During her time as a mediator, Banotti has seen attitudes towards children change radically in the wake of the paedophilia scandal in Belgium.

“There was a general kind of indulgent approval for what I was doing before, but it became a real hard-edged political issue after the Dutroux case. The best memorial to those little girls who died in Belgium is the way it changed political will,” she says, adding: “I am appalled at how dangerous the world is for children. Maybe I am naïve about the past and it was always a dangerous place, but I think that it is dangerous in a particularly nasty way now.”

It was Banotti who proposed a database of missing children, possibly within the framework of Europol and with links to a similar one in Washington which has recorded up to 367,000 missing children every year.

“We do not know how many children in Europe are missing,” she says. “They just disappear.”

The Dublin MEP's approach to her case-load is very hands on. She takes pride in her role and is careful to emphasis the support she gets from European Parliament President José María Gil-Robles.

Perhaps surprisingly, she believes the fact she is not a lawyer is a help rather than a hindrance.

“I have learned a lot. In an ironic way, it has been useful that I am not a lawyer. As a social worker and a nurse and a campaigner, I had a particular kind of background. I have used the law and the European Parliament networks and sometime old contacts from a different life altogether, and it has all helped to get a rounded picture,” she explains.

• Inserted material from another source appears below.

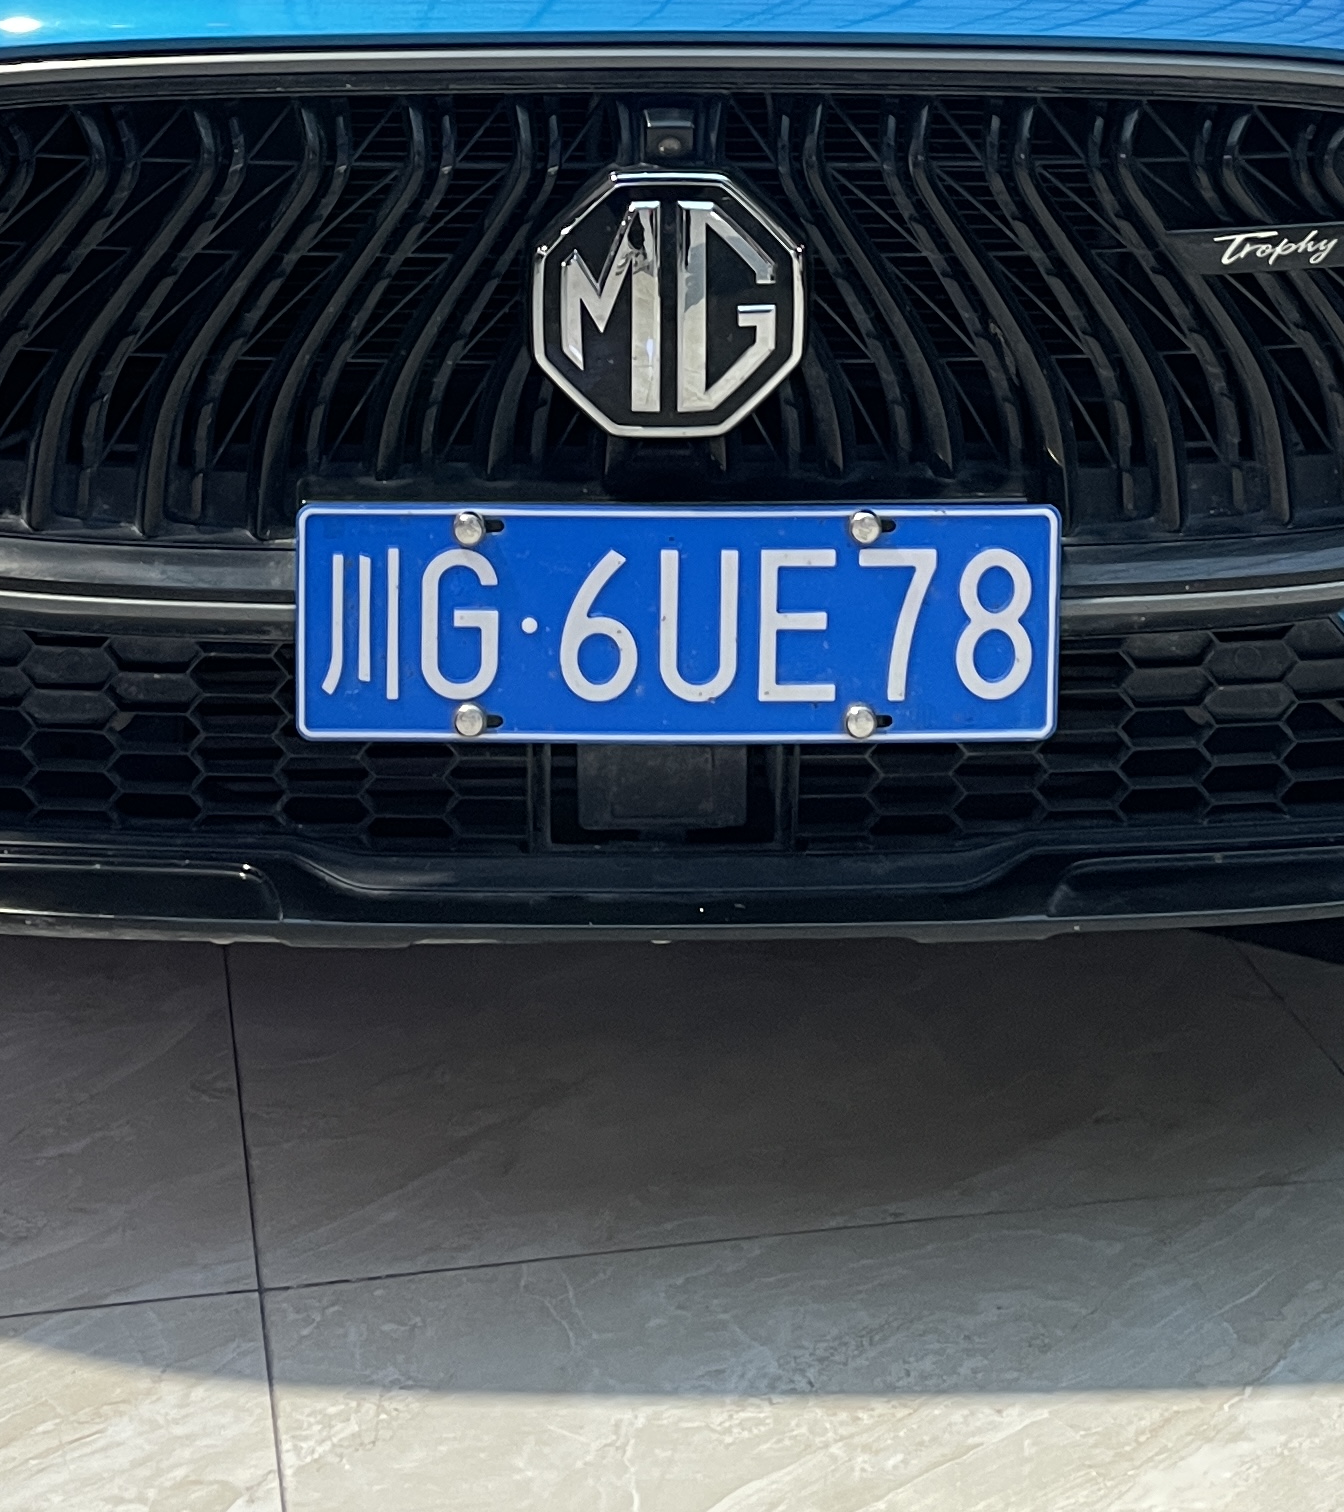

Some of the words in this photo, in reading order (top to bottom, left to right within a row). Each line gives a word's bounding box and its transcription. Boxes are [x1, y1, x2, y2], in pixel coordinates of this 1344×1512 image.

[561, 200, 777, 414] MG
[1215, 230, 1338, 264] Trophy
[321, 548, 1033, 703] 川G·6UE78

Banotti hints also that she has had “personal experience” of the problem of parental abduction in her own life, but refuses to elucidate.

She agrees that her work has changed her as a person. “I feel a very strong sense of responsibility and ask myself all the time, 'Am I doing the right thing? Do I know everything? Do I know all I need to know about what is happening here?'” she explains.

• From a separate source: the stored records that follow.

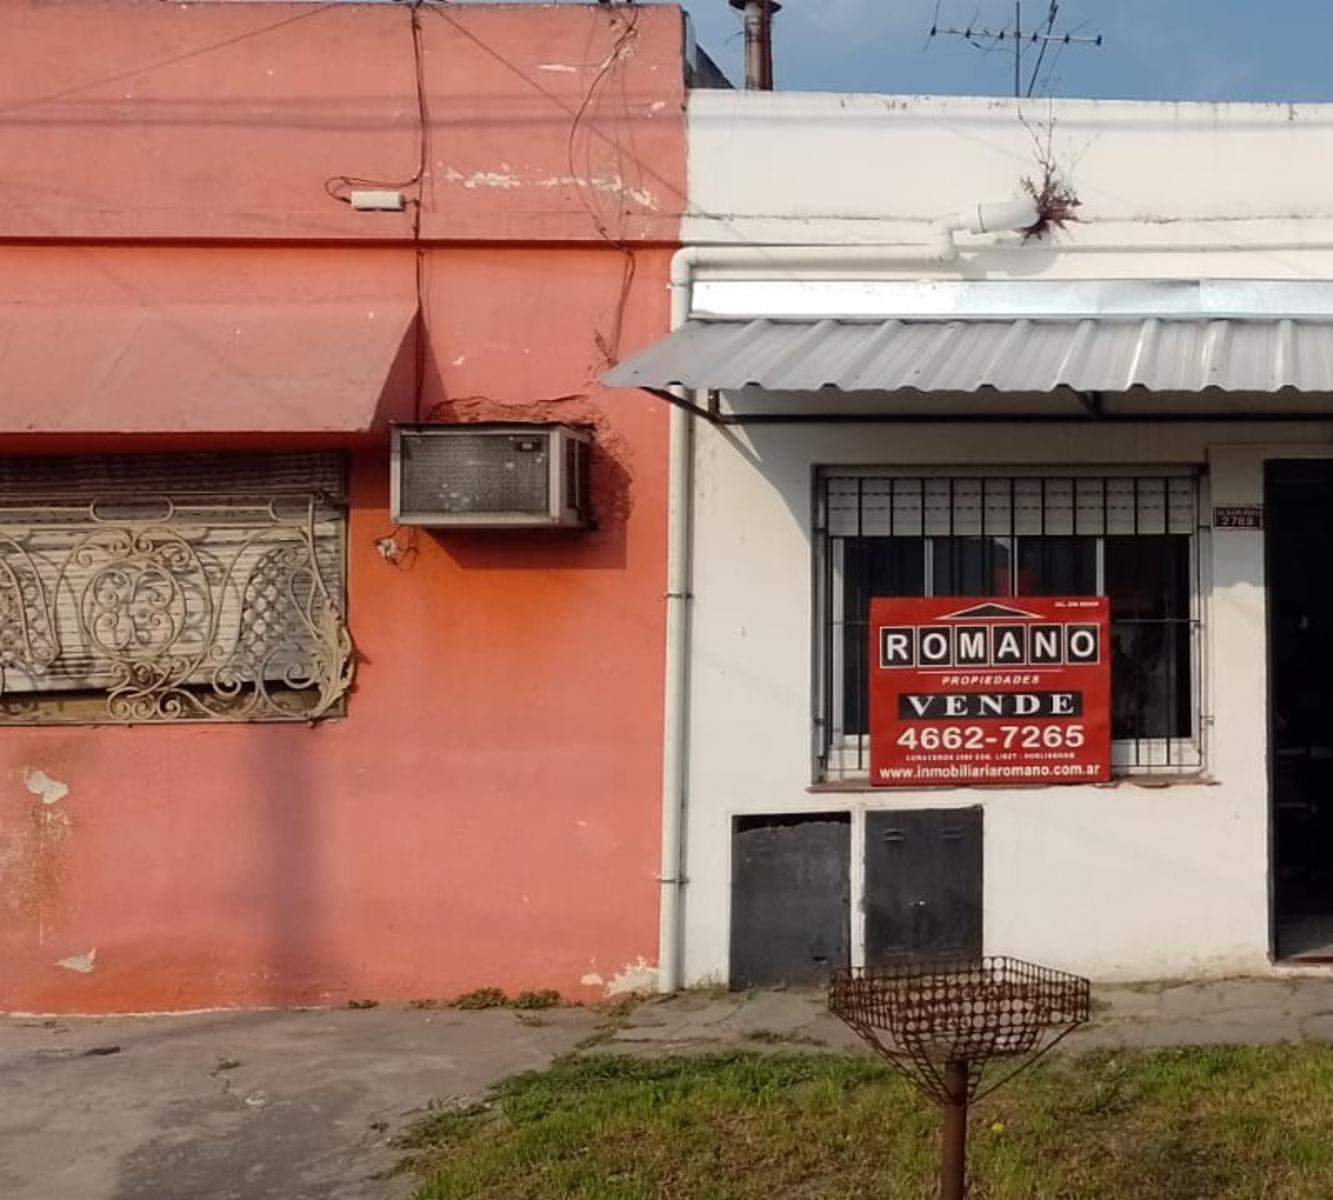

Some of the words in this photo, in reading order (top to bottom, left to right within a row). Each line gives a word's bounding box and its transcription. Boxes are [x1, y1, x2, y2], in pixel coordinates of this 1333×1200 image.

[886, 630, 1095, 661] ROMANO
[941, 675, 1041, 686] PROPIEDADES
[906, 694, 1075, 717] VENDE
[896, 725, 1085, 750] 4662-7265
[879, 764, 1101, 780] www.inmobiliariaromano.com.ar

Essentially, Banotti is a one-woman band, with support from her special adviser Anne Hennon. She has no budget for her work, no back-up staff dedicated to child abduction and would like a special unit to be set up.

“All my staff just plunge in to help. I think there is a place for an EU children's unit. You would have to have someone with some kind of social background,” she says.

Banotti's work as mediator is undoubtedly time-consuming, with two new cases coming in each week.

“Every time we come to a happy ending of a case, I always say I have to get back to the rest of my work, and then, by golly, within a week it seems to start again. The trouble is that success breeds more interest and more people get in touch.”

Given the enormity of the task in front of her, it is not hard to see why.